The studio wanted to mimic the “cellular language” of the building’s exterior by creating an internal grid of workspaces that can be subtly reconfigured or opened up to suit companies of different sizes.
“We wanted to push back against the idea of private, shut-off office units,” Eleni Karabouikis, senior architect at the studio, told Dezeen.
“The client wanted an open and friendly environment, with each company having their own ‘shop front’ that addresses the communal spaces and draws people out of their own plot,” she continued.
“The new workspaces offer an adaptable framework for tenants rather than a prescriptive layout, which has become commonplace in contemporary office design,” added the studio.
MYO has been completed with a series of meeting rooms that can accommodate anywhere between two and 22 people, each with adjustable tables and blinds that can be drawn across for privacy.
Bigger rooms can be subdivided by temporary partitions or pastel-hued curtains by Danish brand Kvadrat that have been set on tracks on the ceiling.

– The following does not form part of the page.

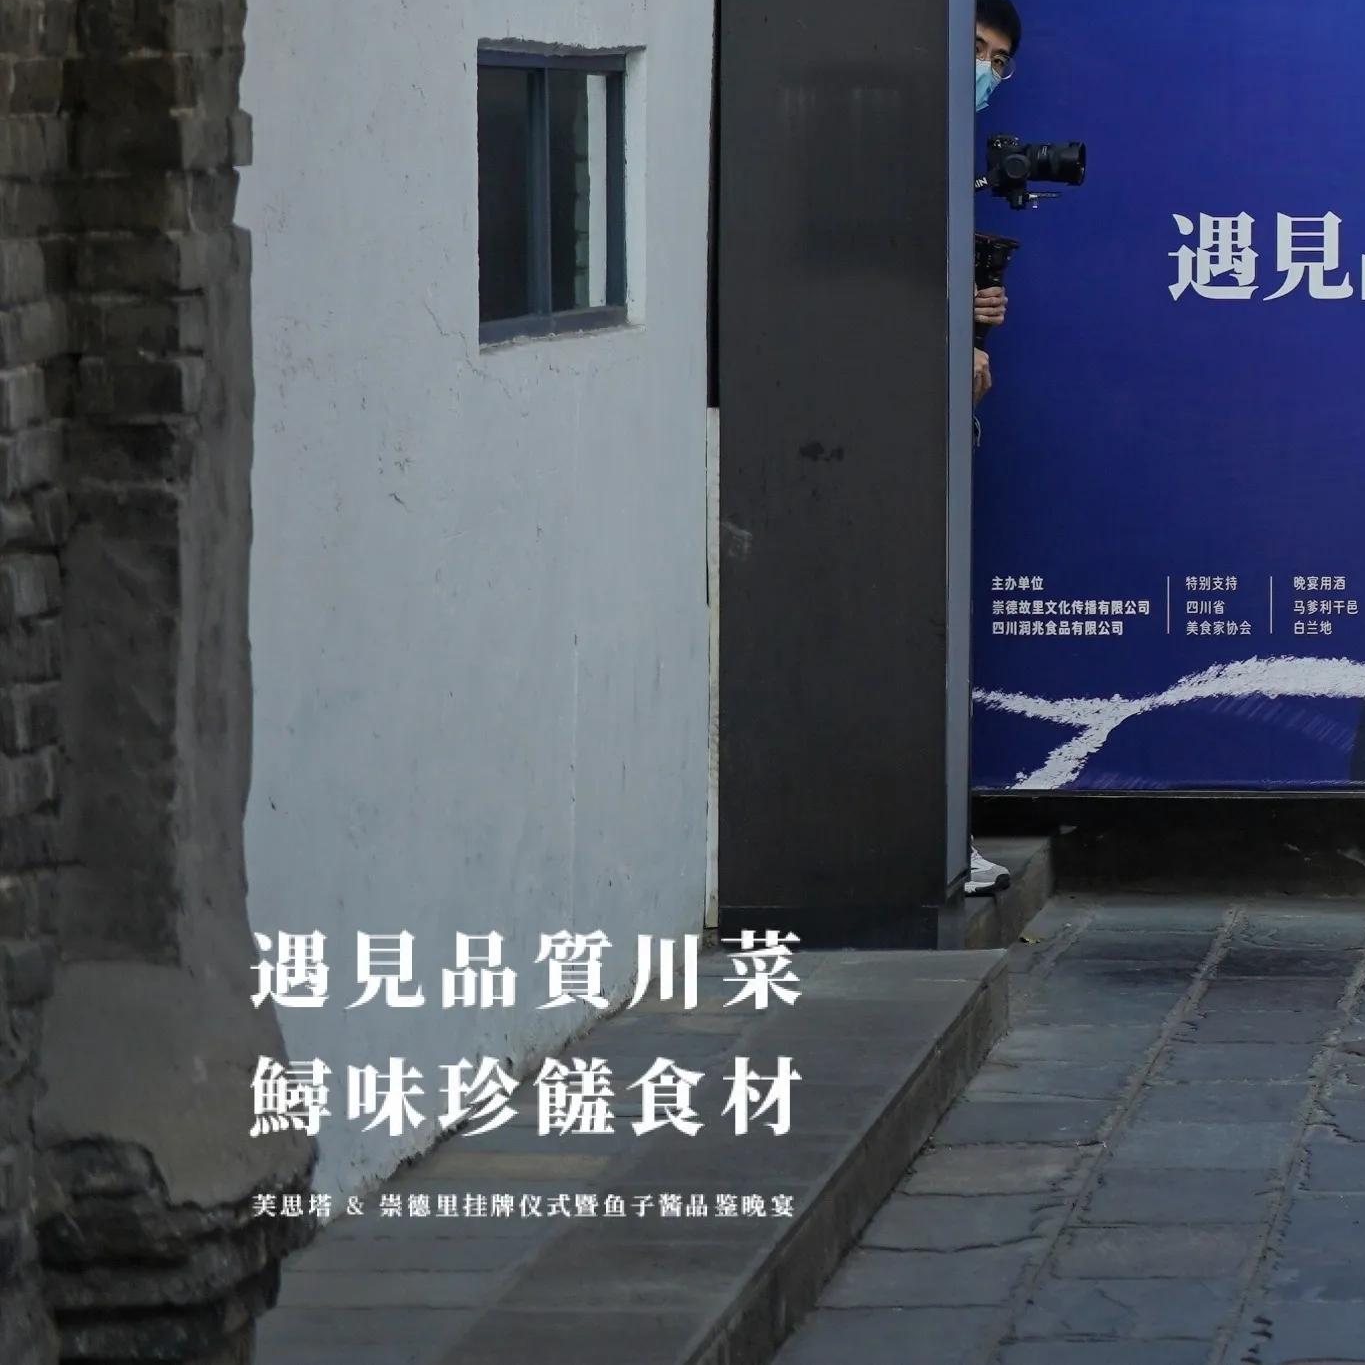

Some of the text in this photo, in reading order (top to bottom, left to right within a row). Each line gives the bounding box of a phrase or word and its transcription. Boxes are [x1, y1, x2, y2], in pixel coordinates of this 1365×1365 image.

Soft furnishings that dress the rest of the space are in complementary shades of teal blue, baby pink and mustard yellow.
“We tried to anticipate a variety of different tenants occupying the building which meant that we needed to keep the base palette as neutral as possible,” Karabouikis explained.
“But that doesn’t mean that such fit-outs shouldn’t be warm and inviting.”
Outside of the meeting rooms there are also a number of group tables, as well as booths and window-side armchairs where visitors can work on their own.
At the centre of the plan is an atrium that can serve as a lounge or a large-scale event space. The kitchen here can also be turned into a drinks bar.
Upper floors of the office are accessed via a suspended staircase that has slim black treads and a wire balustrade.
“This lightweight, sculptural object hangs amidst more solid exposed concrete columns and creates a clearly defined contrast between new and original architectural elements,” said the studio.
Just a stone’s throw from the MYO offices is Thomas House, a co-working space that SODA designed back in 2018.
The venue includes a roof terrace, gym and bar, as well as a number of workrooms decked out in period colours inspired by the Regency era.
Photography is by Ed Reeve.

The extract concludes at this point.